◆ Exercise goal
Please copy every record below exactly, but leave the pictures out.

[Dataset entries]

-- -- --

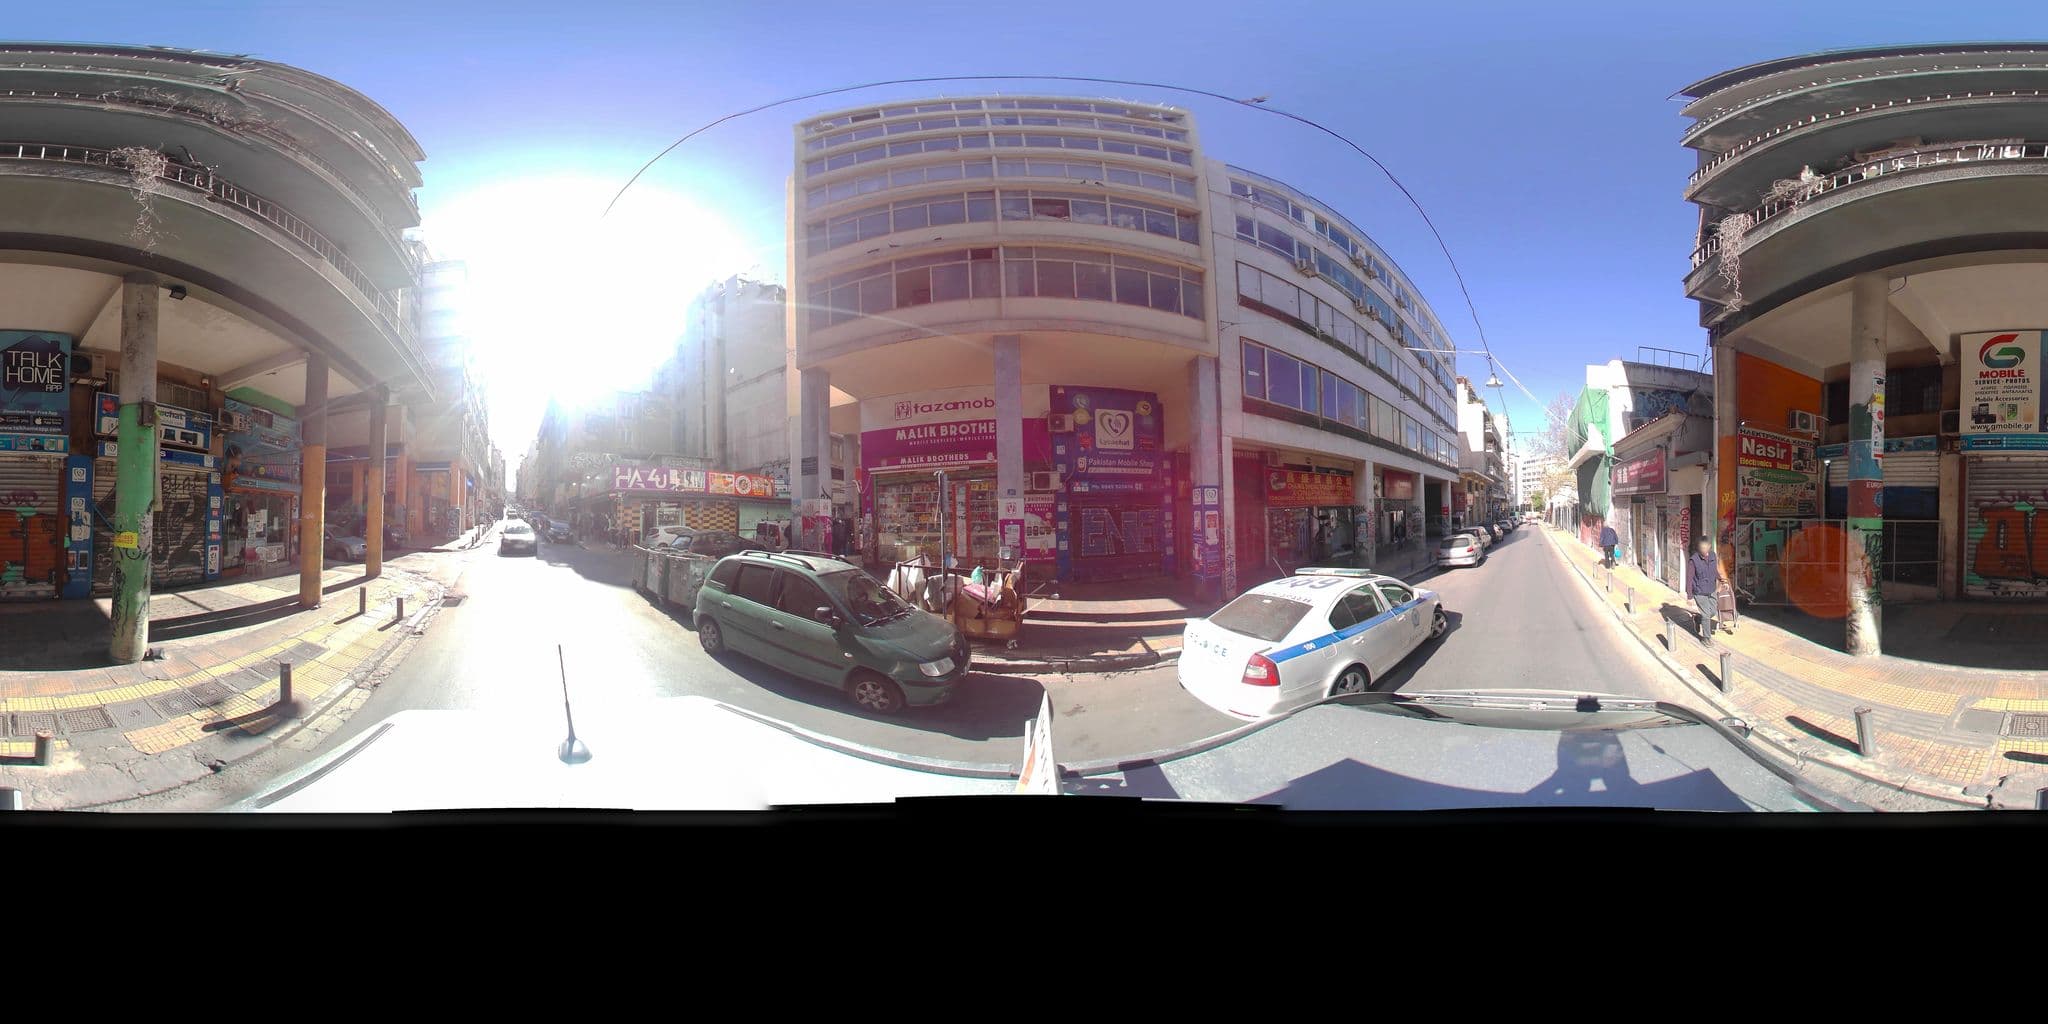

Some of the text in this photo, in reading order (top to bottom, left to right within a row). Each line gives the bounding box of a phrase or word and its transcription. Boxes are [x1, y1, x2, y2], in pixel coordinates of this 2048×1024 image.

[7, 350, 62, 369] TALK
[6, 366, 62, 385] HOME
[1979, 369, 2025, 379] MOBILE
[45, 384, 63, 392] APP
[896, 422, 995, 441] MALIK BROTHE
[1970, 422, 2032, 430] www.gmobile.gr
[1742, 437, 1788, 460] Nasir
[900, 456, 924, 464] MALIK
[927, 453, 969, 462] BROTHERS
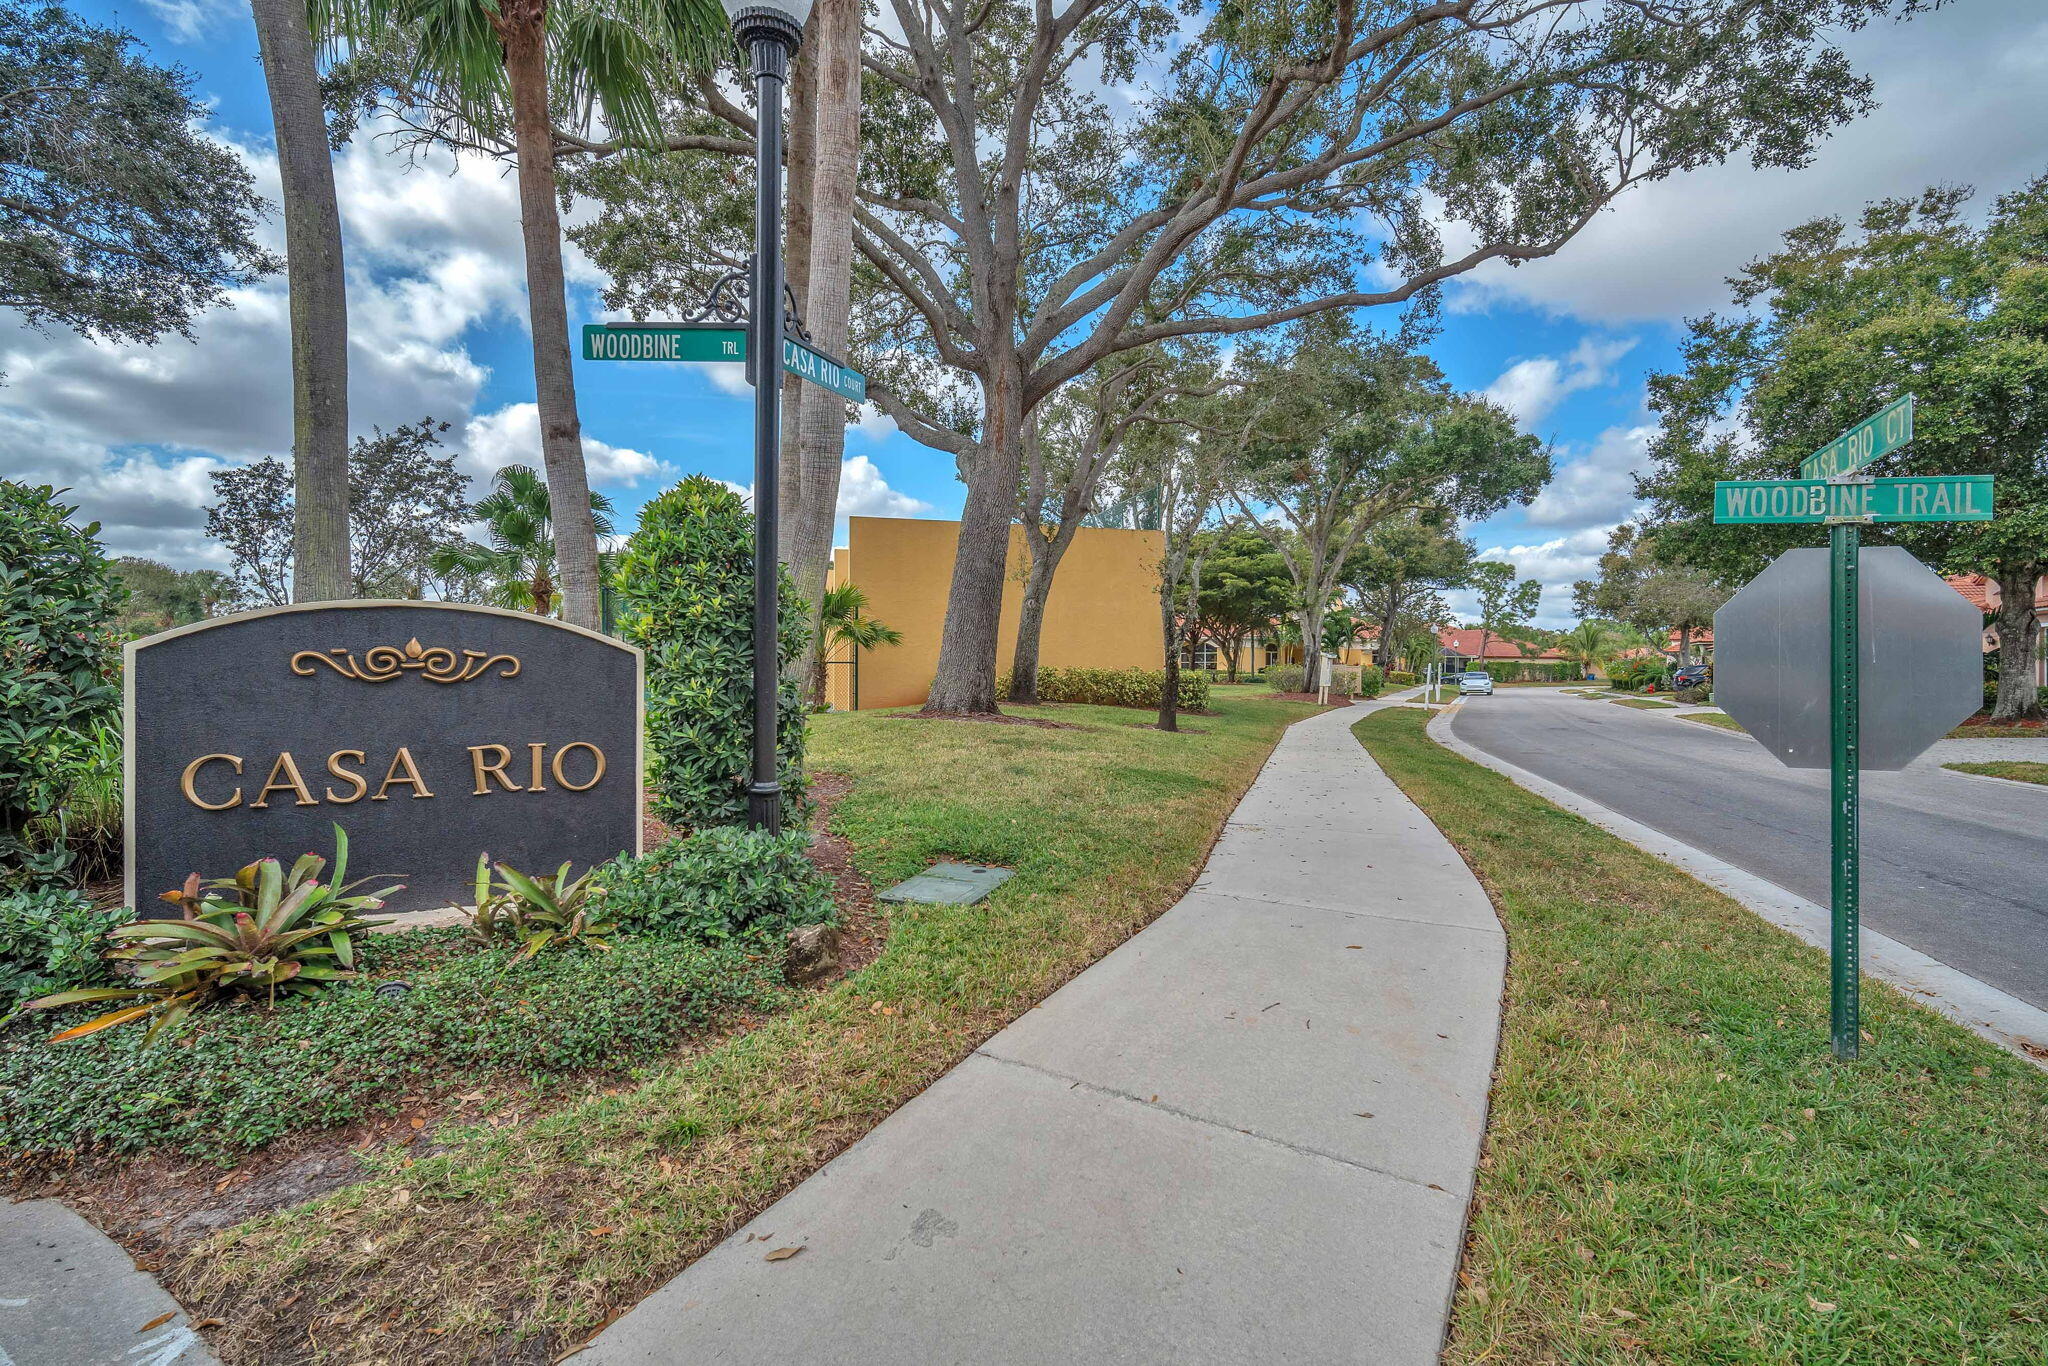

-- -- --

◆ Exercise answer
Some of the text in this photo, in reading order (top to bottom, left to right within a row). Each line gives the bounding box of a phrase or word and its transcription. Boxes are [x1, y1, x2, y2], in pixel coordinates of this 2048×1024 image.

[7, 350, 62, 369] TALK
[6, 366, 62, 385] HOME
[1979, 369, 2025, 379] MOBILE
[45, 384, 63, 392] APP
[896, 422, 995, 441] MALIK BROTHE
[1970, 422, 2032, 430] www.gmobile.gr
[1742, 437, 1788, 460] Nasir
[900, 456, 924, 464] MALIK
[927, 453, 969, 462] BROTHERS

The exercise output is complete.